Paul McGrath took the reins as CEO of YHA Australia in April 2020, tasked with reinventing the business in the midst of a global pandemic. Three years on, he shares an insight into the major rebrand, refurbishments and revival of travel.
What prompted the rebrand of YHA and the refurbishment of your properties?
We had to sell assets to survive Covid, so we rationalised – we thought about the type of product that we wanted to offer and slowly sold off those assets that didn’t align with that. That provided us with capital to invest back in the business, to give us a bit more flexibility in our financing and give us more time to do the transformation.
We did a lot of customer research. We were in that backpacker space, but the market had evolved. We wanted to provide a broader product portfolio to bring an affordable option to the market. We basically changed everything from the inside out.
We came up with a more contemporary brand and changed our language. We no longer refer to our guests as “backpackers”, they are “curious travellers”, and we no longer run “hostels”, we run “properties”.
We found that hostels had a negative connotation amongst the Australian consumer, which we were relying on, so we realised we need to change the perception of who we are, what we do, and why we do it.
With the rise of the digital nomad and major hotel groups tapping into this growing segment, is it more competitive in this space now?
A lot of hostels went out of business during Covid – particularly smaller family-run businesses. A lot of owners repurposed their properties to get a higher and best value use, so there’s a shortage of that type of accommodation in the market.
What we are seeing is this hybrid type of hotel – with co-living rooms, double and twin rooms, private and nonprivate facilities – market is constricted. And that’s why we’re doing probably better than the average in the market space.
And we knew that would happen. We know that there are overseas operators that are looking to come in so that’s why we were on a very tight timeframe to get ourselves ahead of the game.
How are international traveller numbers now?

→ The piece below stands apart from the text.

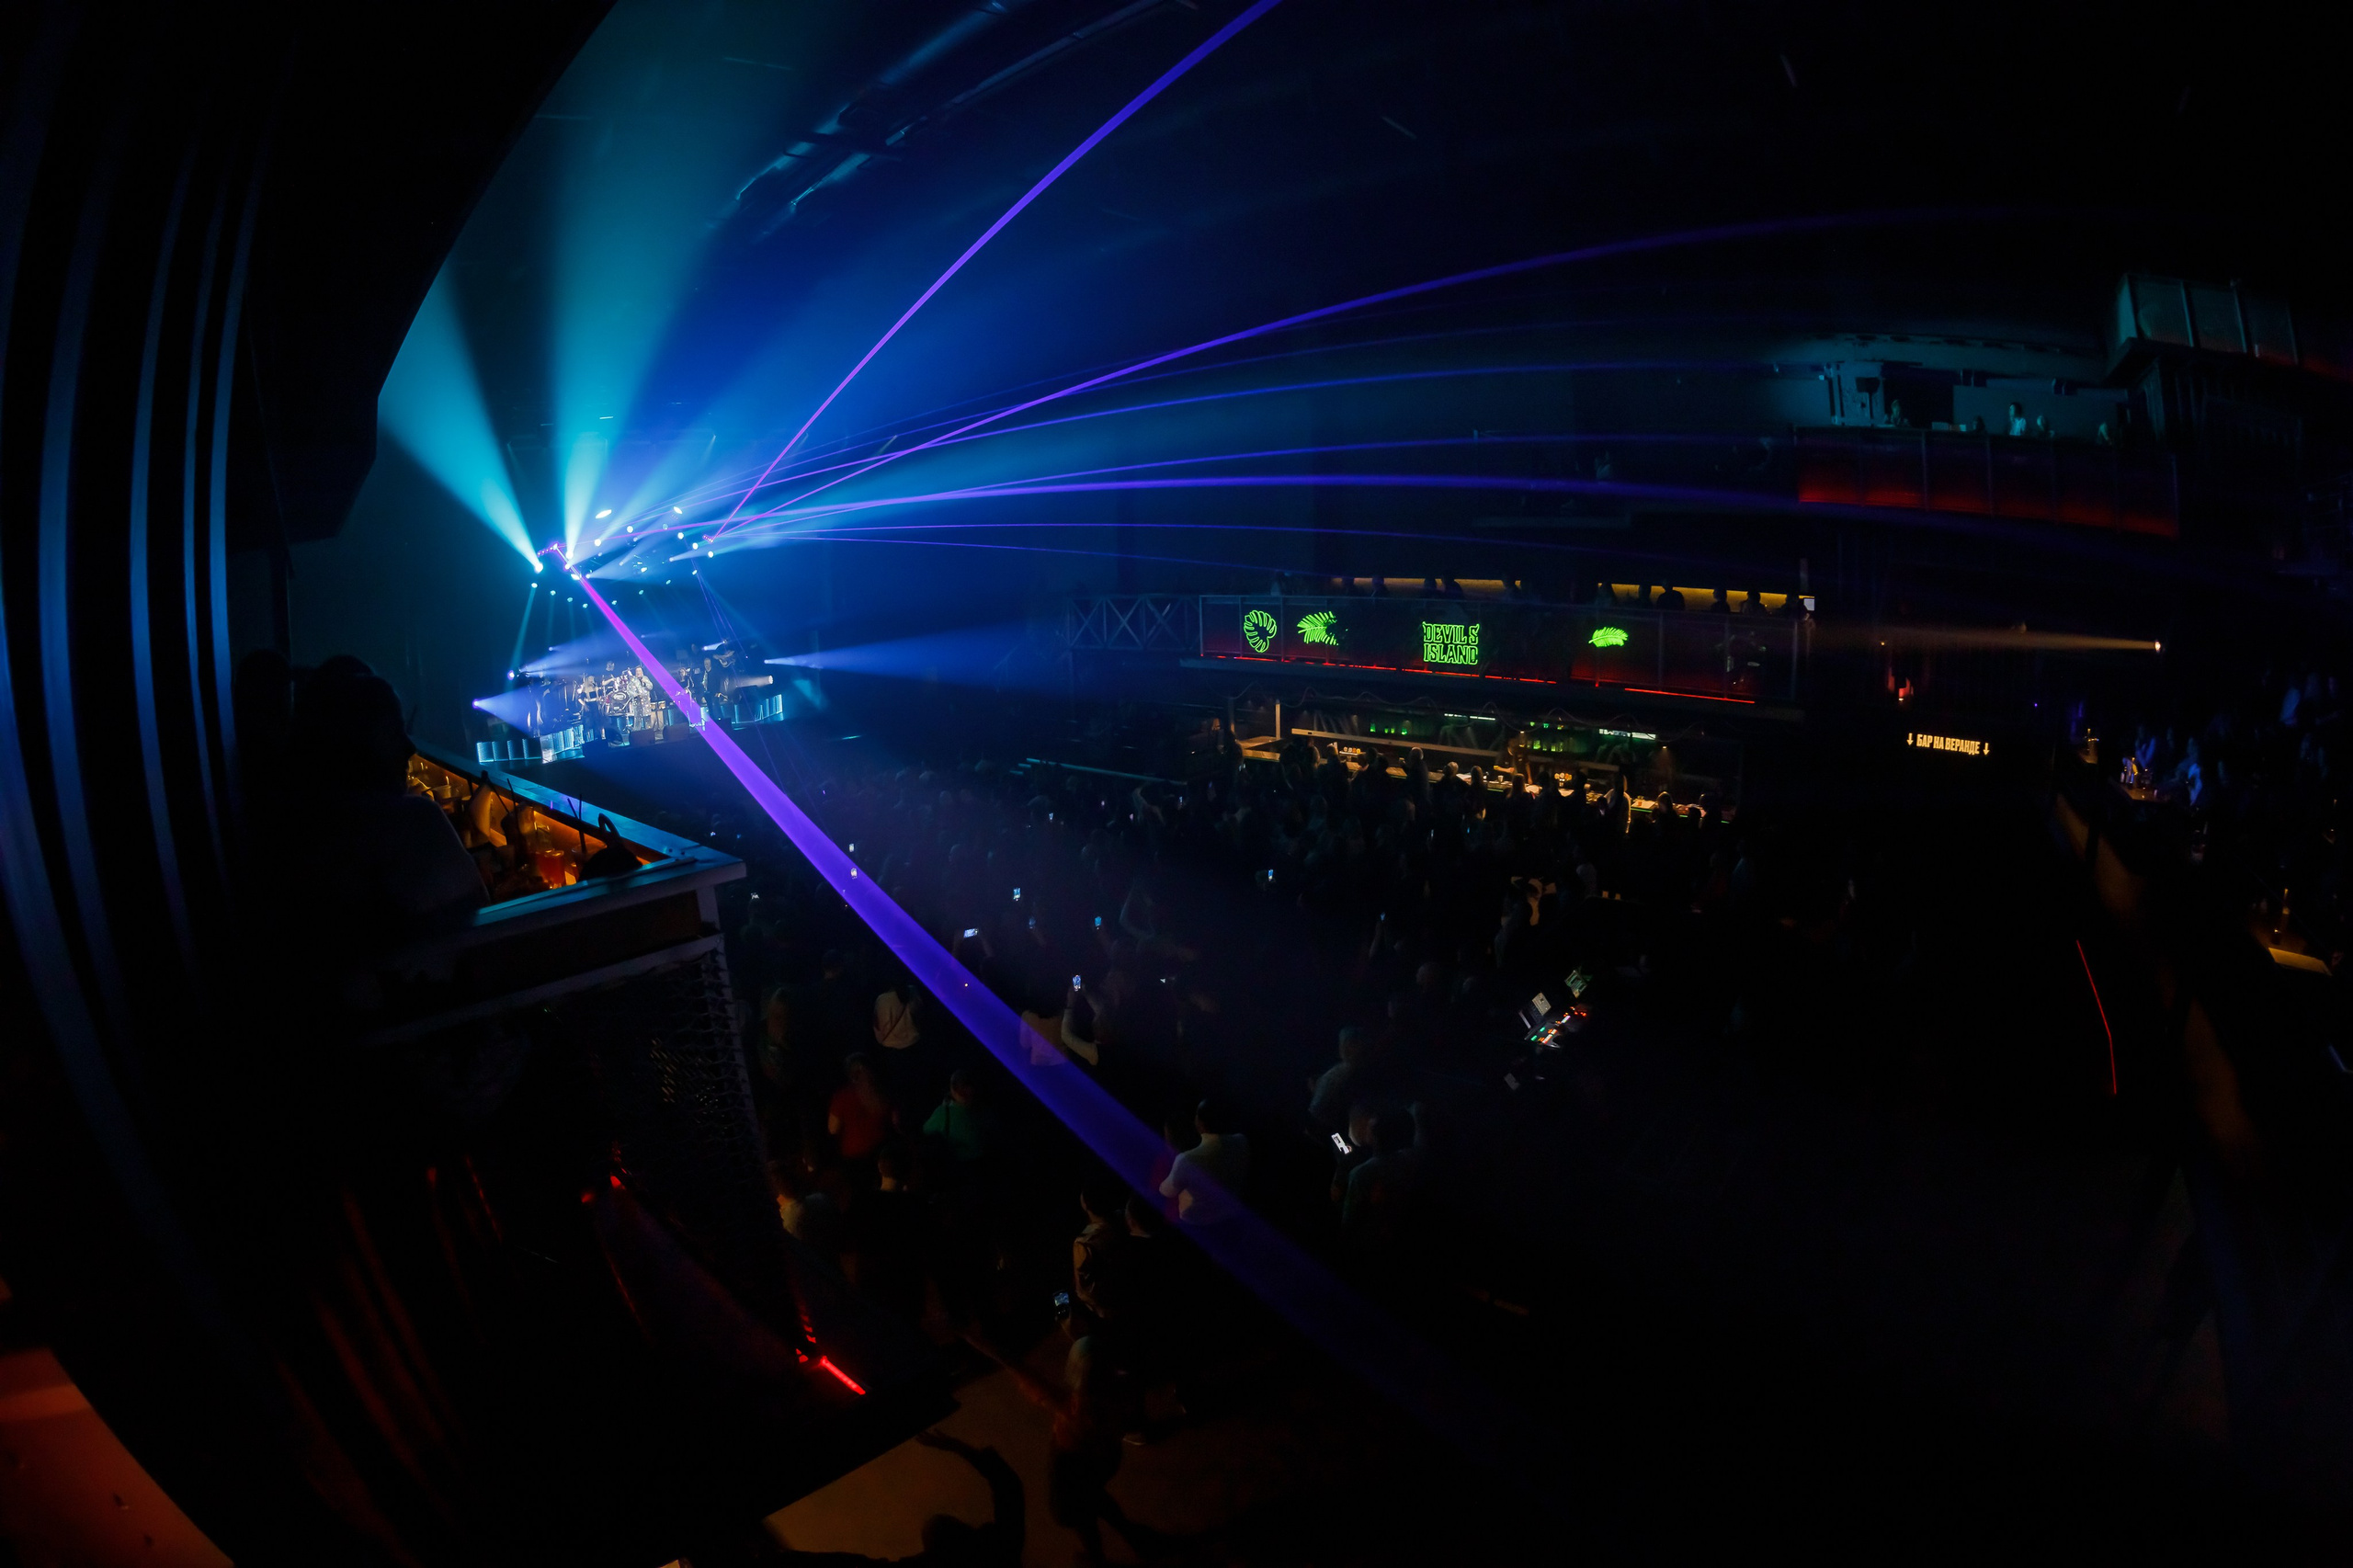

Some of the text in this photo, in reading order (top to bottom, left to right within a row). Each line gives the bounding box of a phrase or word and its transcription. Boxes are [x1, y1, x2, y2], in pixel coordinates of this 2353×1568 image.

Pre-Covid, we were 70% international, 30% domestic. I was always pretty uncomfortable with that because it was relying too much on the international market. We’re now sitting around about 55% international, 45% domestic. I expect by the end of the year we will sit at 60% international, 40% domestic – meaning domestic share growth of 10% – which I think feels a bit more natural to me.
The inbound market has come back in all our traditional markets – Europe, USA, Canada, South America – and we’re seeing unexpected growth in some inbound markets such as South Korea.
What demographic are you targeting now post transformation?
We were mostly 18-25-year-olds pre pandemic, but we were able to broaden that base through our repositioning. Now, a third of the businesses is 18-25 years; a third of the businesses is 25-35; and a third is over 45.
The age range for Working Holiday Visa for the UK has been extended to 35 years, so that is becoming an older demographic for us, and then you’ve got the digital nomads, the grey nomads and school groups.
We’re not for profit, we don’t have to satisfy shareholders, so everything that we make goes back into the business. I really believe that there’s nothing stopping us from providing quality accommodation at an affordable price.
Technology has been a big focus of the transformation. What have been the biggest changes?
We needed to be more efficient, so we introduced a new property operating system and a new revenue management system to manage and maximise our inventory. Instead of being human led, it’s AI lead so that as demand increases, our rate increases, and we maximise those opportunities.
We are trialling mobile key technology at Sydney Harbour and that’s going really well. It allows guests to pre-check-in online and enter the property and their room using a mobile device. But we want to take this further so that guests can also order F&B through QR codes on the table and where we can engage with guests through messaging and update them when their room is ready. We also want to add other facilities and functions on to that to build loyalty amongst our members.
What are you focusing on in terms of experiences for guests?
We are introducing Indigenous experiences at our properties at least once a week so that international and domestic travellers can engage with the local Aboriginal or Torres Strait Islander culture. It’s really important to us to share their history, how they would like it to be shared.
We also want to give people the opportunity to offset their carbon footprint and travel lightly we are introducing offsetting opportunities where guests can go tree planting or counting wallabies.
Is it important to have an F&B offering at each property and do you see the communal kitchen as an ongoing part of the offer?
Yes, we found that 45% of the guests use the kitchen, but we also want to give people the choice to purchase food if they wish.
At Sydney Harbour, for example, we’ve got a cafe on level one and we’re working hard to provide a broader range product. We are seeking approval for a licence to run a rooftop bar, and we also want to offer pop-up meals two or three nights a week.
What’s on the agenda for YHA over the next 12 to 18 months?
This year, we will do 100 room upgrades across Sydney, Brisbane and Adelaide. We are aiming for all gateway properties to have a breakfast offering and some type of F&B in the evenings as well. By the end of 2024, we want every property to have an Indigenous experience and also an environmental experience, once a week that guests can participate in if they want to.
Tech Central [a partnership with tech giant Atlassian] is due to open in Sydney in November 2026, so we are working hard on designing that and imagining what a property looks like in 2026. We will be using Tech Central as our North Star, so we will be prototyping things that we want to use there in some of our other properties.